CHIETI. Oggi si celebra la Giornata mondiale senza tabacco. Nell’occasione l’ambulatorio di Fisiopatologia respiratoria del Servizio di Pneumotisiologia territoriale di Chieti, diretto da Pasqualina Volpe, ha avviato alcune iniziative per favorire l’informazione, la prevenzione e l’educazione sui danni causati dal tabagismo. In particolare, per diffondere stili di vita sani e promuovere un comportamento consapevole della prevenzione delle malattie respiratorie croniche attribuibili al fumo di sigaretta, nelle ultime settimane sono state affisse locandine dal titolo “Dai spegnila!” nelle principali sedi della Asl di Chieti: distretti sanitari, consultori, centri di salute mentale, ufficio per le relazioni con il pubblico, centro unico di prenotazione, punto unico di accesso, l’ospedale di Chieti e le aule didattiche e di studio dell’università Gabriele d’Annunzio.

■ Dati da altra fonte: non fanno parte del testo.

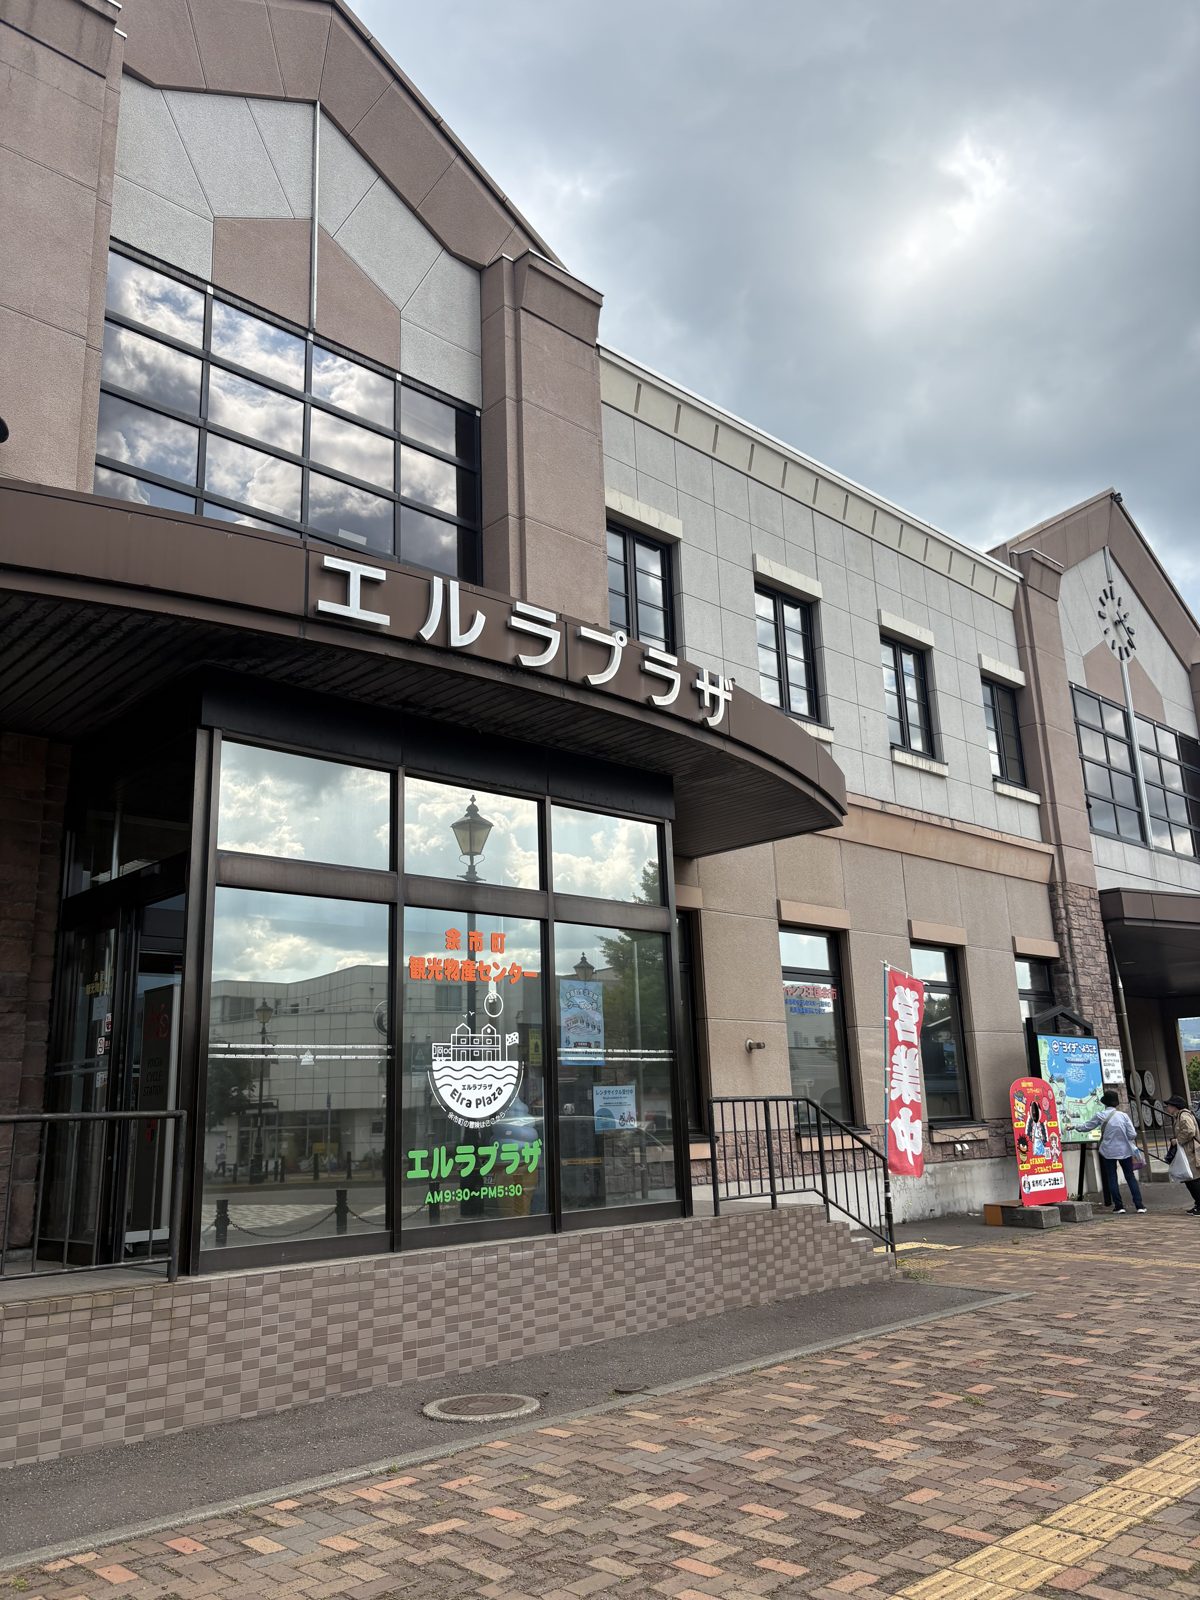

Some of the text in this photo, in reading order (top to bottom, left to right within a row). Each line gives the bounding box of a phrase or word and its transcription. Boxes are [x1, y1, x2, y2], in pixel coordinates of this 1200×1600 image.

[316, 555, 734, 726] エルラプラザ
[445, 928, 506, 953] 余市町
[409, 956, 538, 984] 観光物産センター
[461, 1083, 493, 1091] エルラプラザ
[890, 985, 923, 1166] 営業中
[449, 1086, 504, 1108] Elra Plaza
[406, 1139, 543, 1180] エルラプラザ

Nell’ambulatorio di Fisiopatologia respiratoria è attivo già da due anni un corso gratuito di informazione ed educazione sul tabagismo rivolto agli utenti del Servizio, in particolare ai pazienti fumatori ai quali viene diagnosticata la patologia bronchiale cronica ostruttiva. Il corso si svolge subito dopo la visita pneumologica o viene programmato. Gli incontri, di durata variabile dai 20 ai 60 minuti a seconda dell’interesse dimostrato dal soggetto, evidenziano che è possibile aumentare la consapevolezza sulla correlazione tra malattie respiratorie croniche e consumo di fumo di tabacco e aiutare il paziente a correggere l’abitudine al fumo.
L’anno scorso agli utenti è stato, inoltre, proposto il test della dipendenza dalla nicotina di Fagerstrom: i soggetti che hanno accettato di compilarlo sono stati 168, di cui 99 maschi e 69 femmine. La fascia d’età dominante è quella dei nati tra il 1961 e il 1970. Il grado di dipendenza si è classificato nella categoria “molto basso”.